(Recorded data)
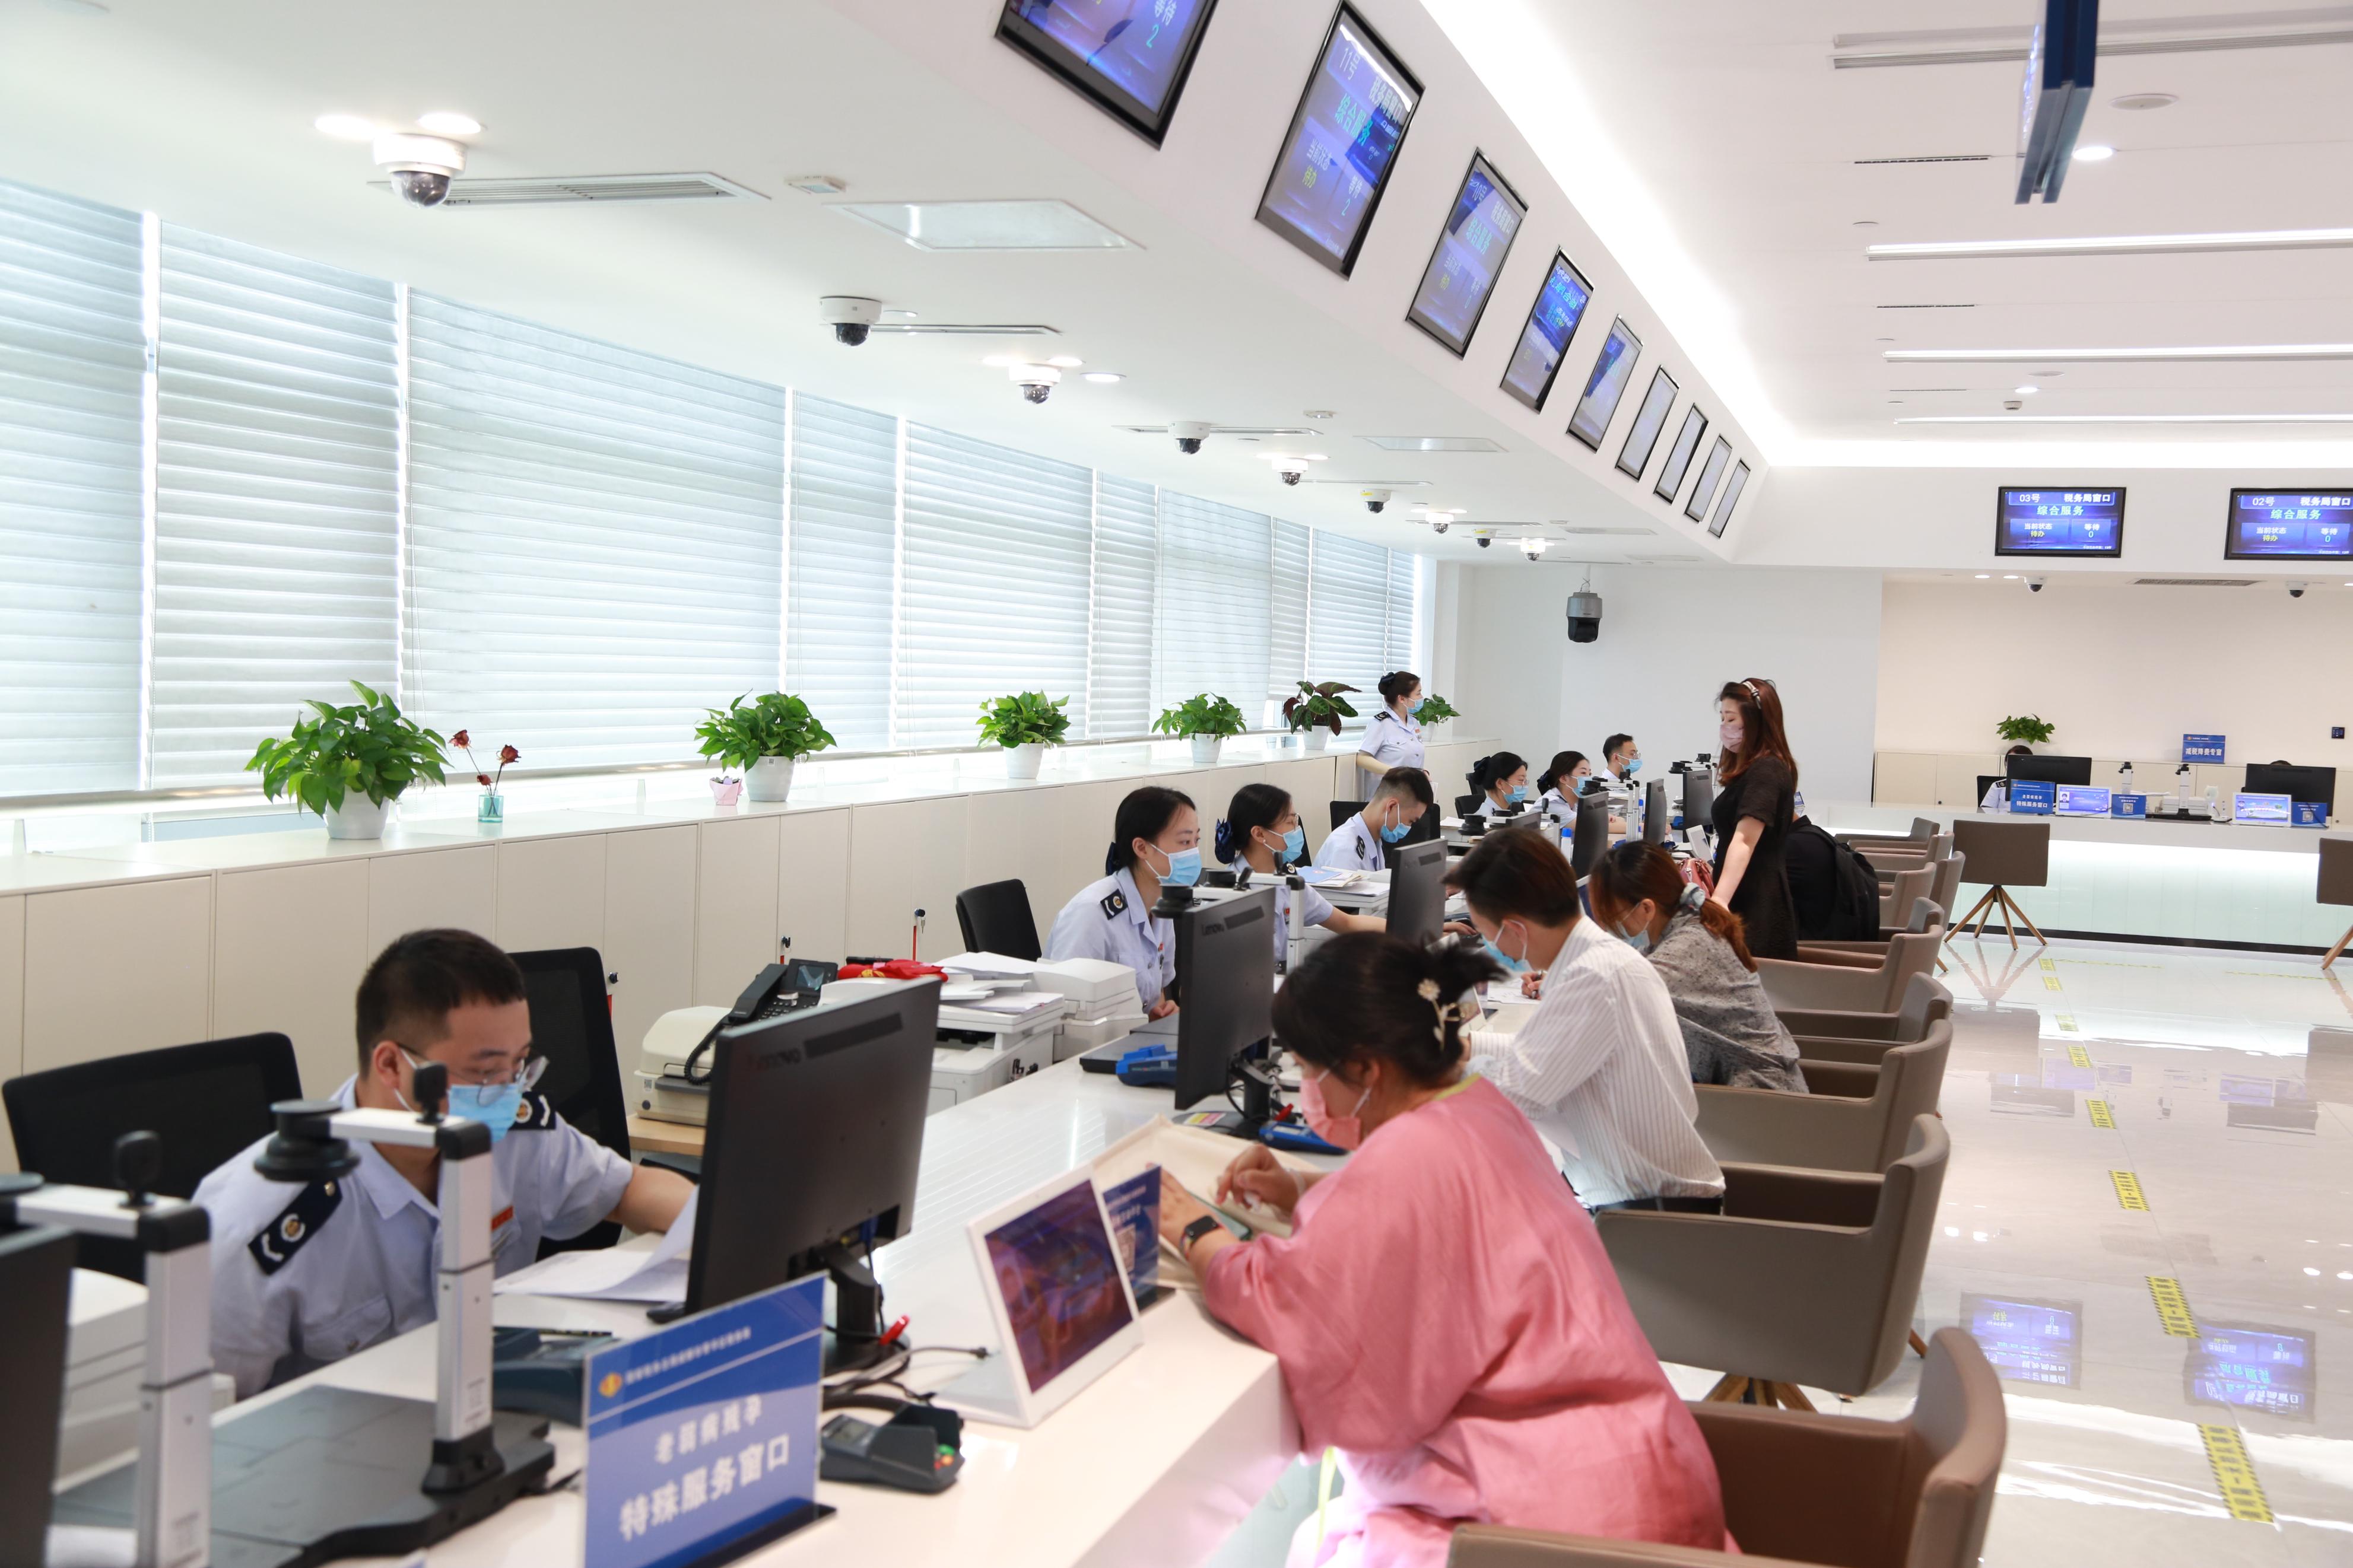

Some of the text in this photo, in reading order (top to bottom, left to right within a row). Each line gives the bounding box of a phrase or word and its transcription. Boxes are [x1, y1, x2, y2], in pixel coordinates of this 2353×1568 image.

[1146, 24, 1159, 48] 2
[1339, 47, 1403, 124] 11号 税务局窗口
[1335, 93, 1373, 146] 综合服务
[1306, 138, 1332, 171] 当前状态
[1348, 175, 1363, 199] 等待
[1341, 199, 1351, 217] 2
[2019, 494, 2110, 503] 03号 税务局窗口
[2252, 497, 2351, 506] 02号 税务局窗口
[2037, 505, 2084, 516] 综合服务
[2271, 509, 2321, 520] 综合服务
[2185, 748, 2222, 756] 减税降费专窗
[620, 1434, 790, 1542] 特殊服务窗口
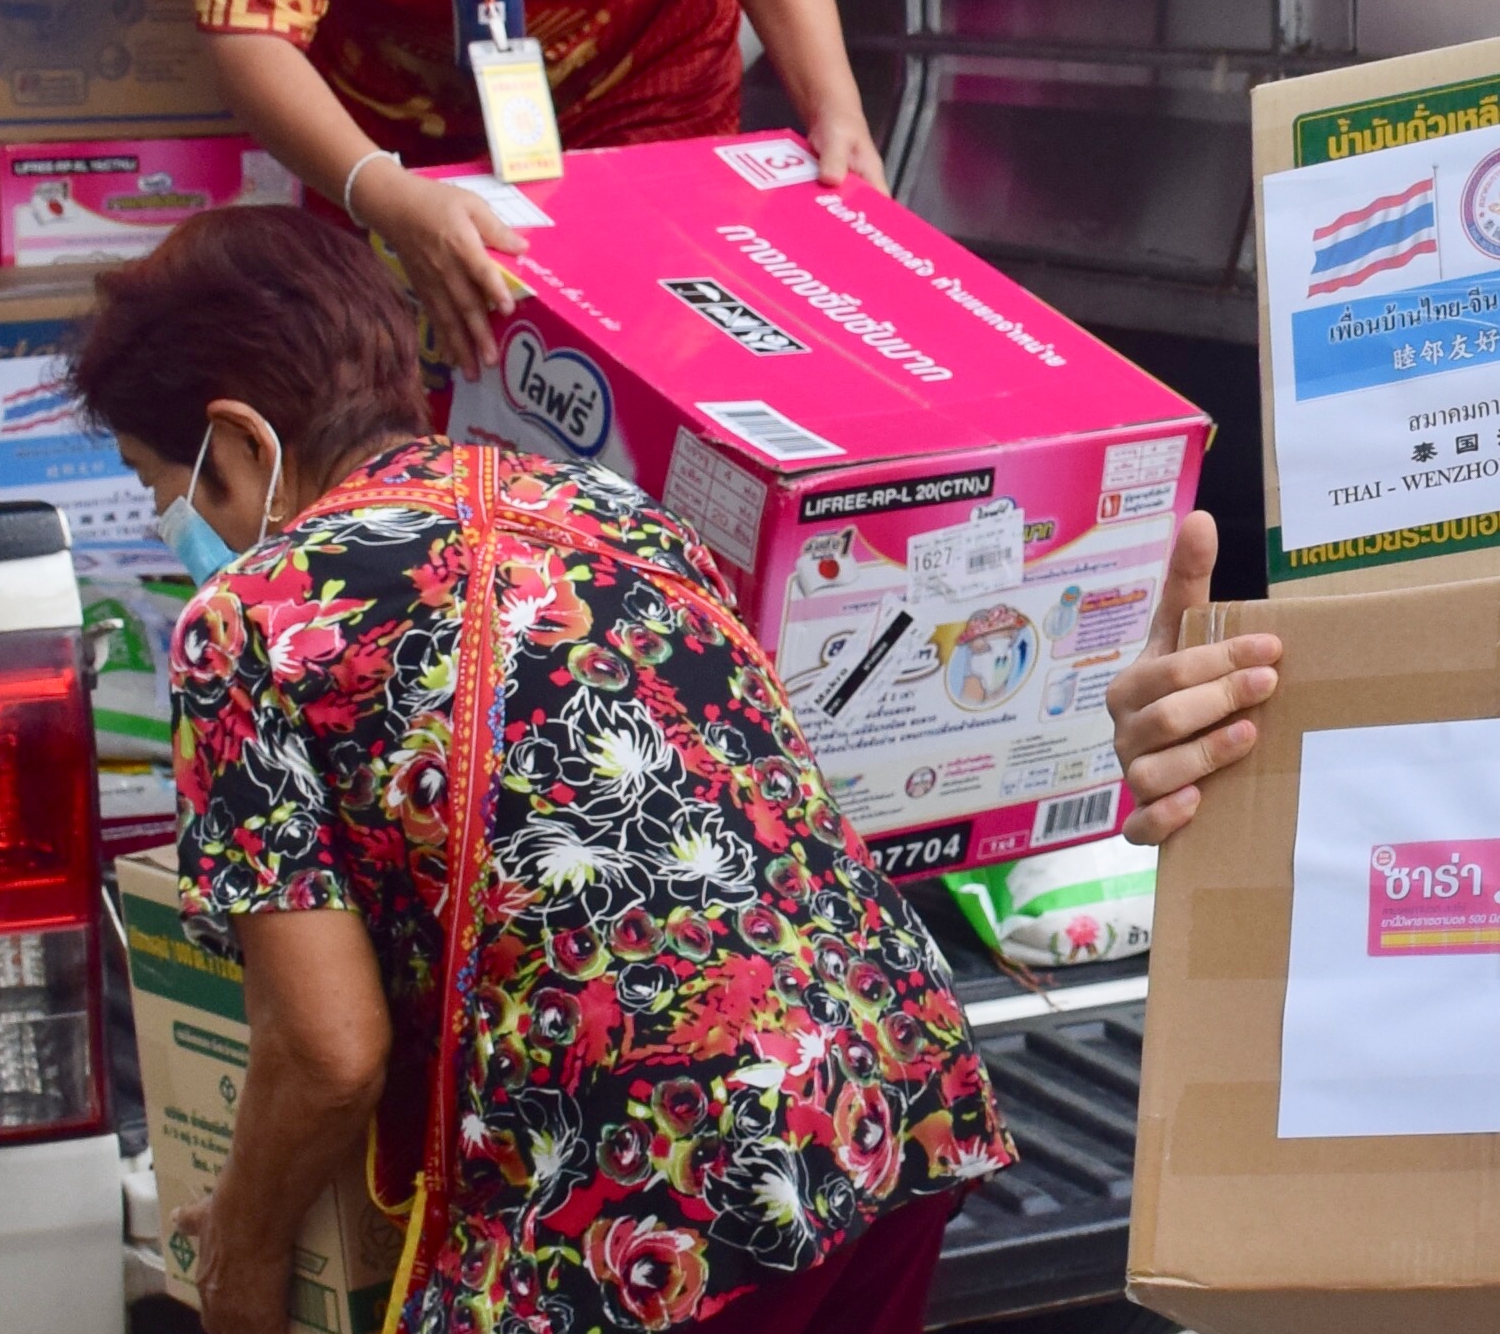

> [What needs to be done]: Copy the records exactly, leaving out every picture.

> [Answer to this problem]:
Some of the text in this photo, in reading order (top to bottom, left to right within a row). Each line gives the bounding box of a phrase or word and its transcription. Boxes are [x1, y1, x2, y2], in pixel coordinates of this 2353×1568 image.

[1146, 24, 1159, 48] 2
[1339, 47, 1403, 124] 11号 税务局窗口
[1335, 93, 1373, 146] 综合服务
[1306, 138, 1332, 171] 当前状态
[1348, 175, 1363, 199] 等待
[1341, 199, 1351, 217] 2
[2019, 494, 2110, 503] 03号 税务局窗口
[2252, 497, 2351, 506] 02号 税务局窗口
[2037, 505, 2084, 516] 综合服务
[2271, 509, 2321, 520] 综合服务
[2185, 748, 2222, 756] 减税降费专窗
[620, 1434, 790, 1542] 特殊服务窗口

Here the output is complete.